*Task instructions:* For the full listing below, write out each entry exactly and exclude the images.
*** Information supplied Section Begins ***
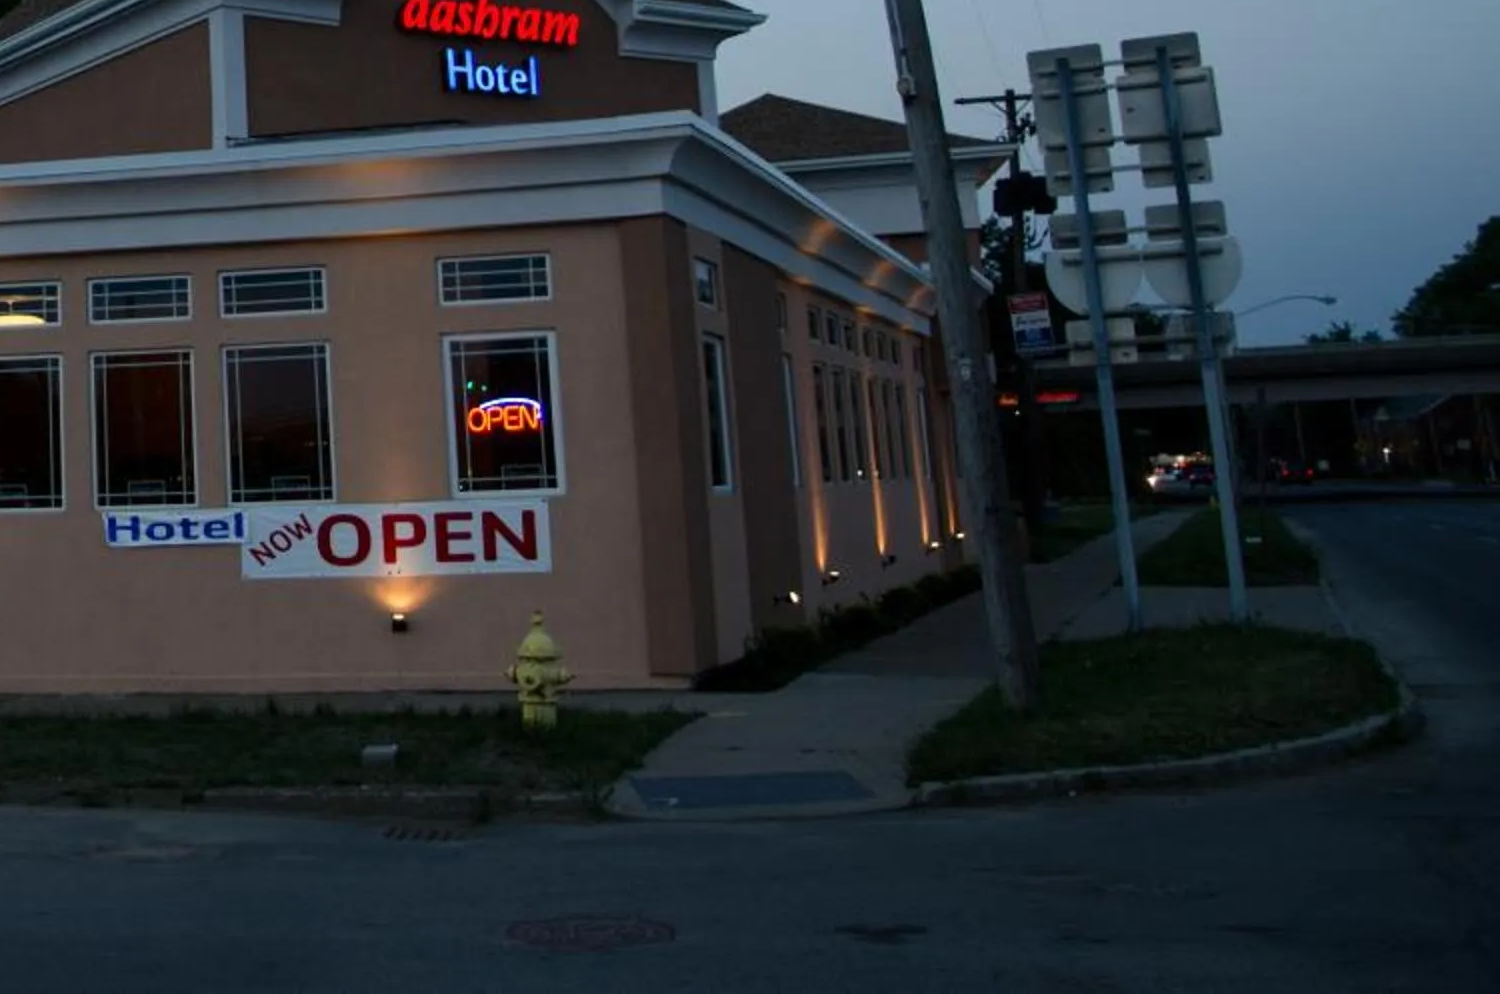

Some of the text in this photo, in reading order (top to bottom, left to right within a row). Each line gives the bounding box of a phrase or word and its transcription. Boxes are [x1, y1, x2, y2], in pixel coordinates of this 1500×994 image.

[446, 47, 539, 95] Hotel
[467, 405, 540, 432] OPEN
[106, 512, 245, 543] Hotel
[248, 509, 539, 567] NOW OPEN
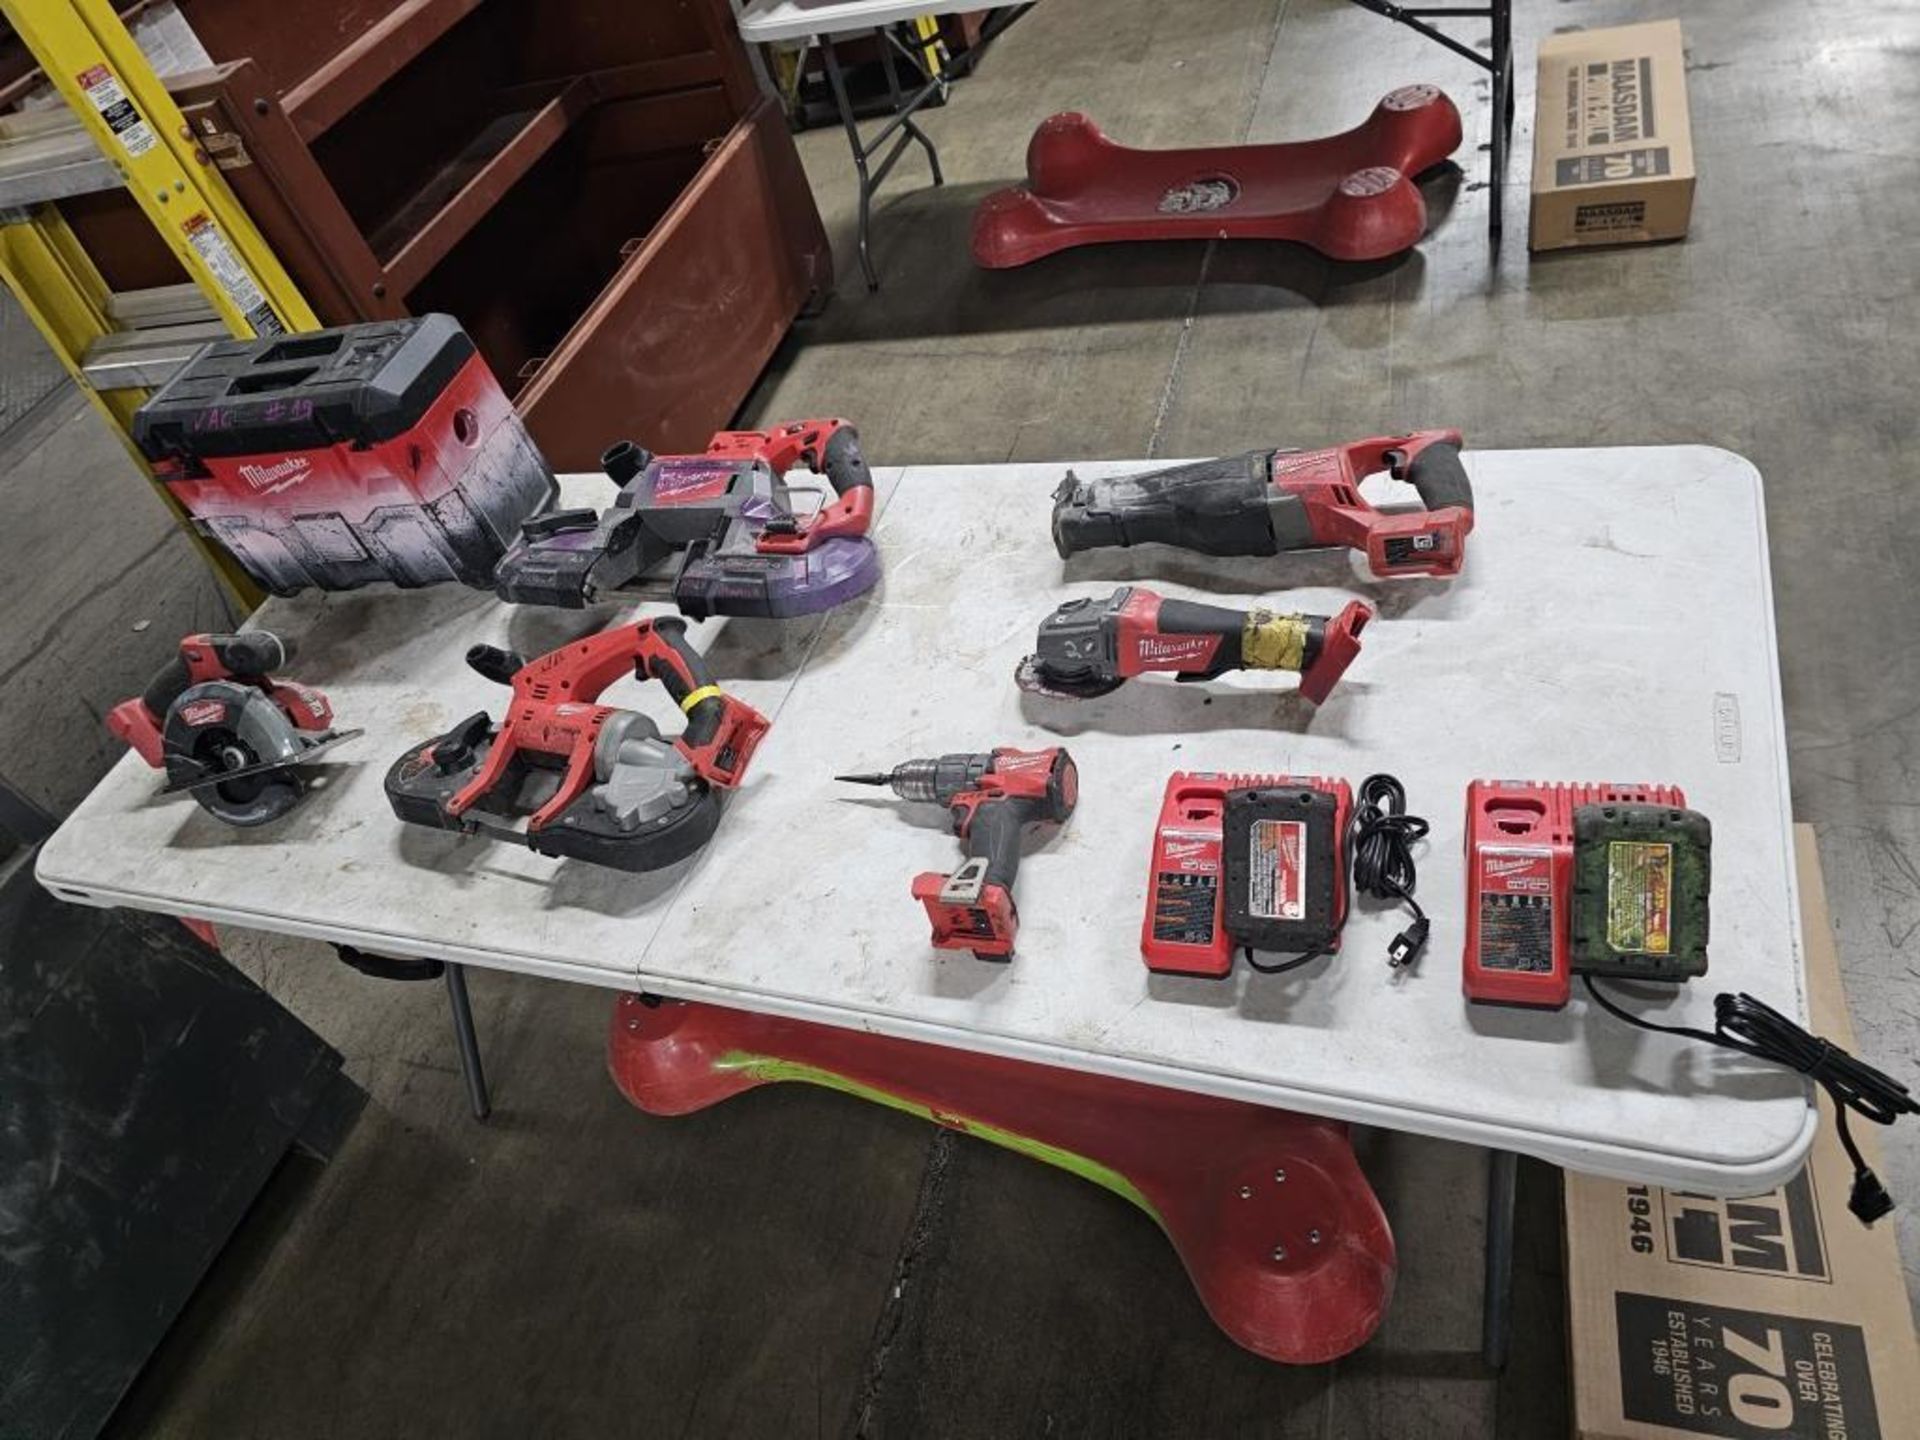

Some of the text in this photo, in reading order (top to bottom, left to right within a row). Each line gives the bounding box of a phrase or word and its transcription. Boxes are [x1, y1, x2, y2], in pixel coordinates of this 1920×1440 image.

[1611, 59, 1638, 142] MAASDAM
[1604, 152, 1633, 178] 70
[238, 457, 311, 489] Milwaukee
[1626, 1184, 1655, 1254] 1946
[1651, 1338, 1671, 1377] 1946
[1667, 1309, 1696, 1416] ESTABLISHED
[1692, 1316, 1722, 1418] YEARS
[1721, 1325, 1795, 1431] 70
[1794, 1359, 1819, 1403] OVER
[1811, 1331, 1848, 1440] CELEBRATING
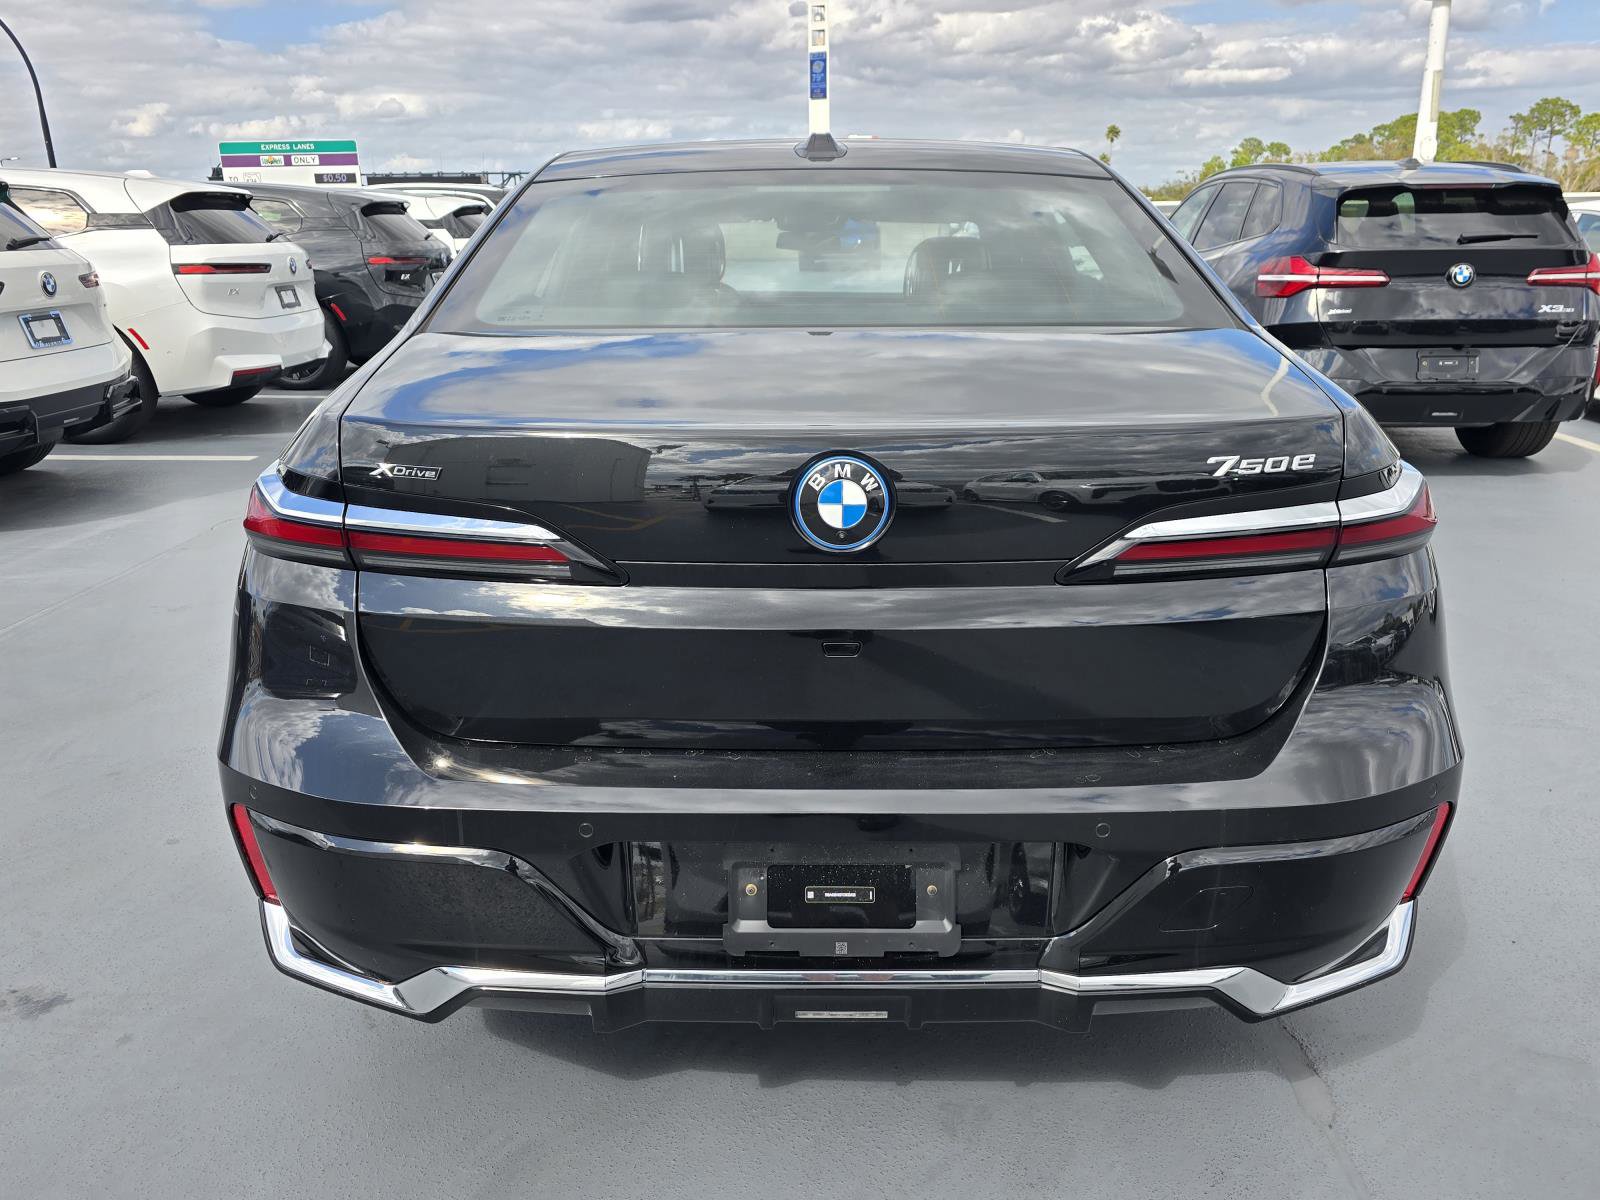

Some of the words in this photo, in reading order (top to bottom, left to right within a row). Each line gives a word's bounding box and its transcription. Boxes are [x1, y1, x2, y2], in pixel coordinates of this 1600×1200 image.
*** Information supplied Section Ends ***
*Exercise solution:*
Some of the text in this photo, in reading order (top to bottom, left to right within a row). Each line gives the bounding box of a phrase or word and its transcription. Boxes are [x1, y1, x2, y2], in pixel coordinates of this 1500×994 image.

[446, 47, 539, 95] Hotel
[467, 405, 540, 432] OPEN
[106, 512, 245, 543] Hotel
[248, 509, 539, 567] NOW OPEN

Some of the text in this photo, in reading order (top to bottom, left to right within a row). Each line gives the bounding box of a phrase or word and its transcription. Boxes are [x1, y1, x2, y2], in pixel coordinates of this 1920×1440 image.

[1611, 59, 1638, 142] MAASDAM
[1604, 152, 1633, 178] 70
[238, 457, 311, 489] Milwaukee
[1626, 1184, 1655, 1254] 1946
[1651, 1338, 1671, 1377] 1946
[1667, 1309, 1696, 1416] ESTABLISHED
[1692, 1316, 1722, 1418] YEARS
[1721, 1325, 1795, 1431] 70
[1794, 1359, 1819, 1403] OVER
[1811, 1331, 1848, 1440] CELEBRATING

Some of the words in this photo, in reading order (top to bottom, left to right within a row). Each line gives a word's bounding box and its transcription. Boxes are [x1, y1, x2, y2], in pixel coordinates of this 1600×1200 image.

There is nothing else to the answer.